Images for object localization:
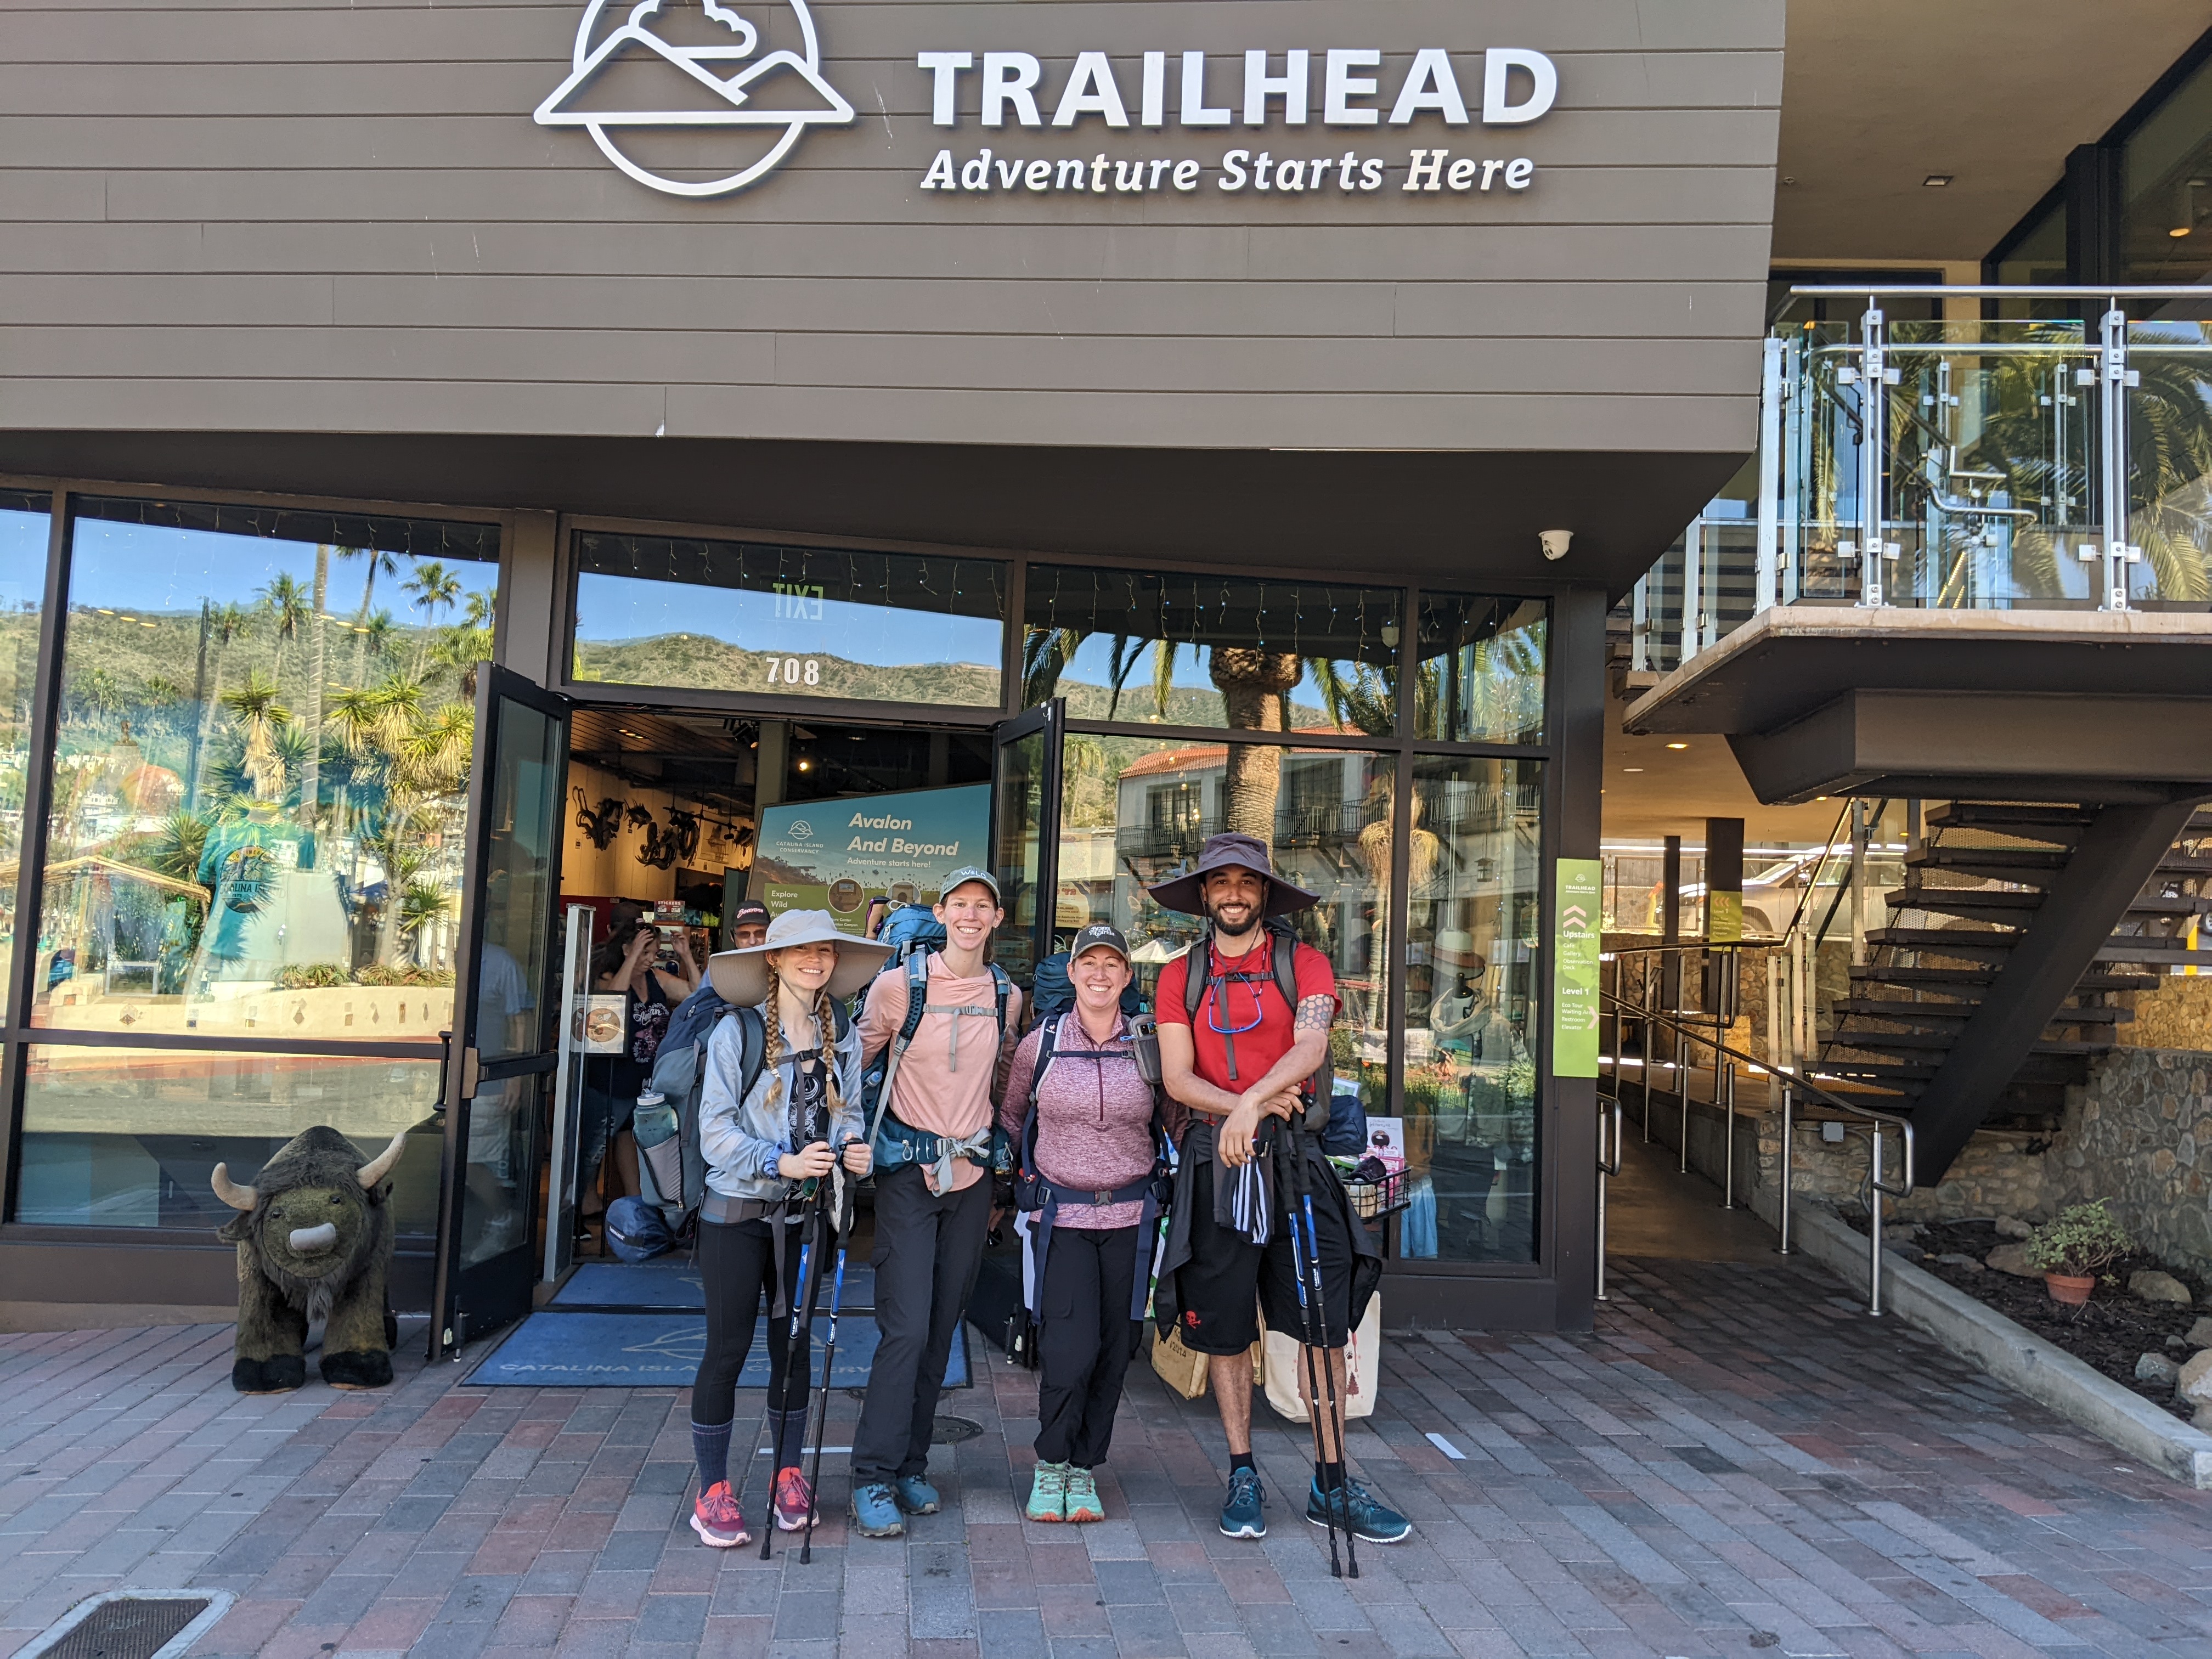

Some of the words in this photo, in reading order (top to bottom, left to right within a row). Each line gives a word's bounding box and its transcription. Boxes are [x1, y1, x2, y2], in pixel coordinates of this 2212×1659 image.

[917, 48, 1557, 128] TRAILHEAD
[919, 148, 1200, 192] Adventure
[1217, 149, 1384, 192] Starts
[1402, 149, 1534, 192] Here
[766, 657, 819, 685] 708
[848, 812, 912, 830] Avalon
[847, 836, 888, 853] And
[891, 838, 959, 857] Beyond
[847, 857, 887, 866] Adventure
[771, 890, 798, 900] Explore
[1563, 930, 1595, 939] Upstairs
[499, 1363, 630, 1372] CATALINA
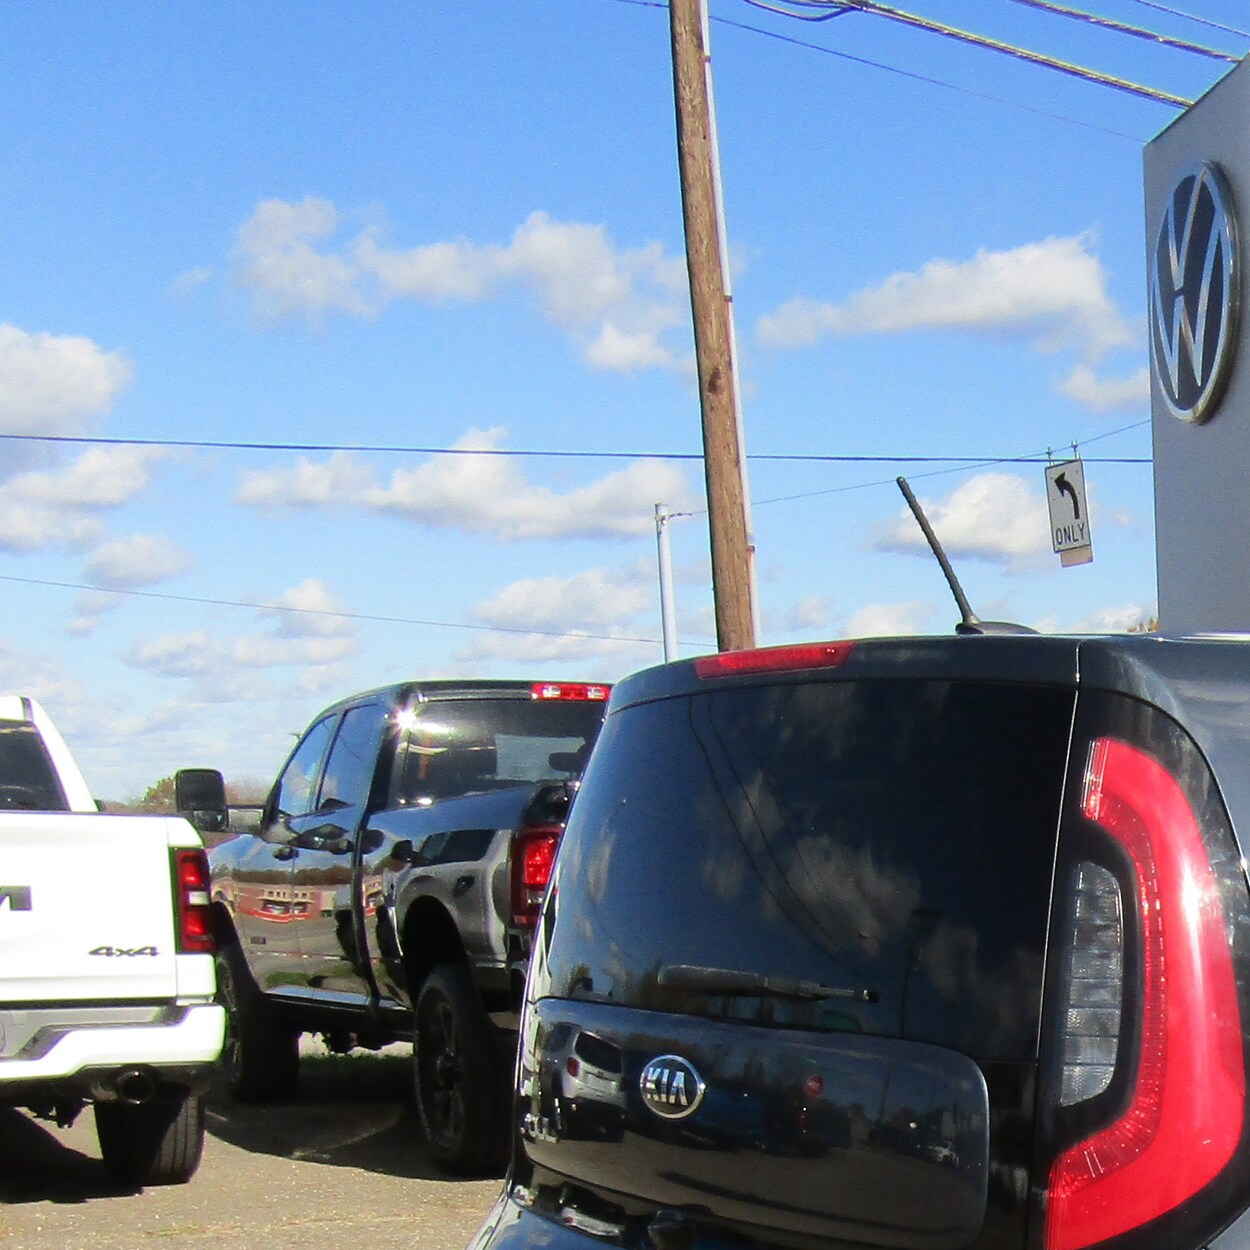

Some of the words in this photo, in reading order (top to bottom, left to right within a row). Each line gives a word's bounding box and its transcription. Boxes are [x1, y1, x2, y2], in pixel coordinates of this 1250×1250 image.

[1055, 523, 1085, 545] ONLY
[88, 946, 159, 957] 4x4
[645, 1067, 689, 1106] KIA
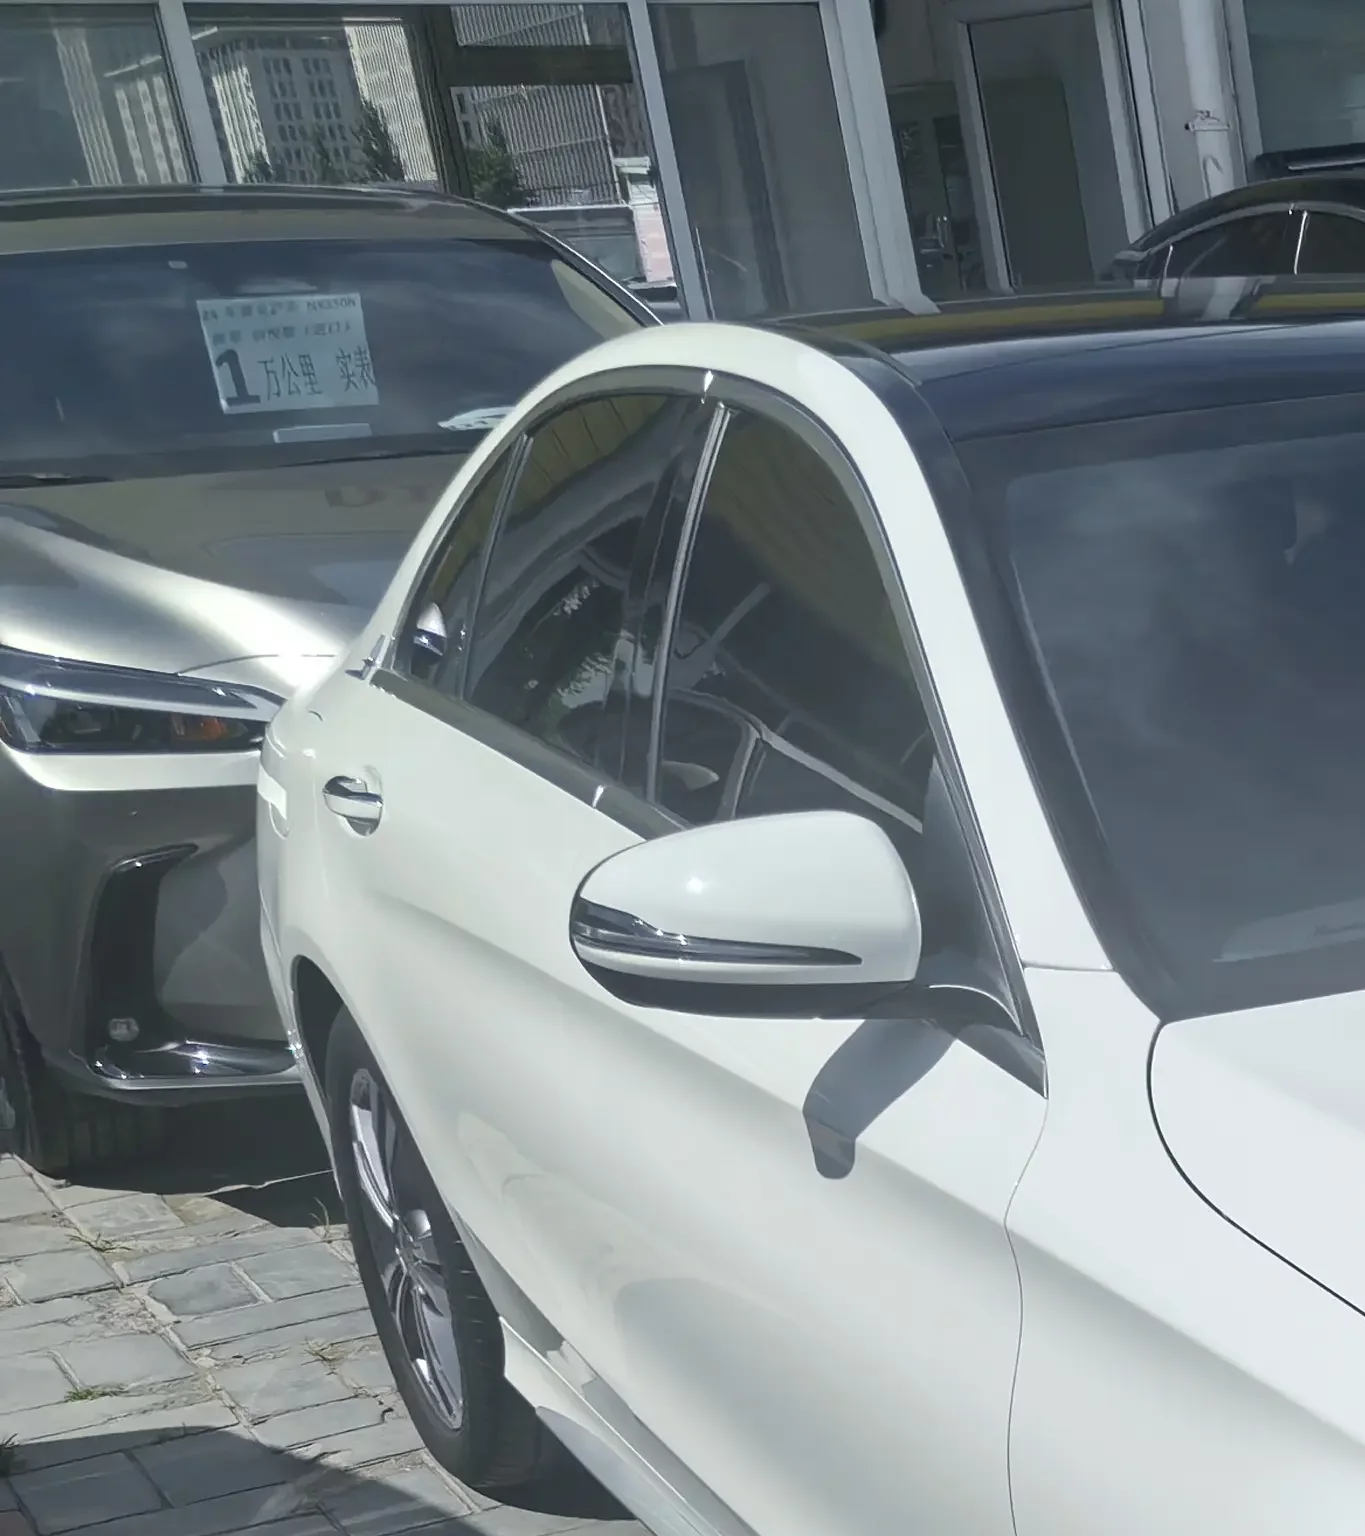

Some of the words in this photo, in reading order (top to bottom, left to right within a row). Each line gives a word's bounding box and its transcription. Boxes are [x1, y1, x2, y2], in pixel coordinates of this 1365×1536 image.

ACTION ITEM: Write the entries out in full and exactly, omitting every picture.

RESULT OF THIS EXERCISE:
Some of the words in this photo, in reading order (top to bottom, left to right within a row). Each line gives a word's bounding box and its transcription. Boxes are [x1, y1, x2, y2], in pixel coordinates of this 2212×1659 image.

[917, 48, 1557, 128] TRAILHEAD
[919, 148, 1200, 192] Adventure
[1217, 149, 1384, 192] Starts
[1402, 149, 1534, 192] Here
[766, 657, 819, 685] 708
[848, 812, 912, 830] Avalon
[847, 836, 888, 853] And
[891, 838, 959, 857] Beyond
[847, 857, 887, 866] Adventure
[771, 890, 798, 900] Explore
[1563, 930, 1595, 939] Upstairs
[499, 1363, 630, 1372] CATALINA

Some of the words in this photo, in reading order (top to bottom, left to right within a row). Each line gives a word's bounding box and its transcription. Boxes are [x1, y1, x2, y2], in pixel coordinates of this 1250×1250 image.

[1055, 523, 1085, 545] ONLY
[88, 946, 159, 957] 4x4
[645, 1067, 689, 1106] KIA

Some of the words in this photo, in reading order (top to bottom, left to right within a row). Each line gives a word's bounding box and its transcription. Boxes are [x1, y1, x2, y2], in pixel coordinates of this 1365×1536 image.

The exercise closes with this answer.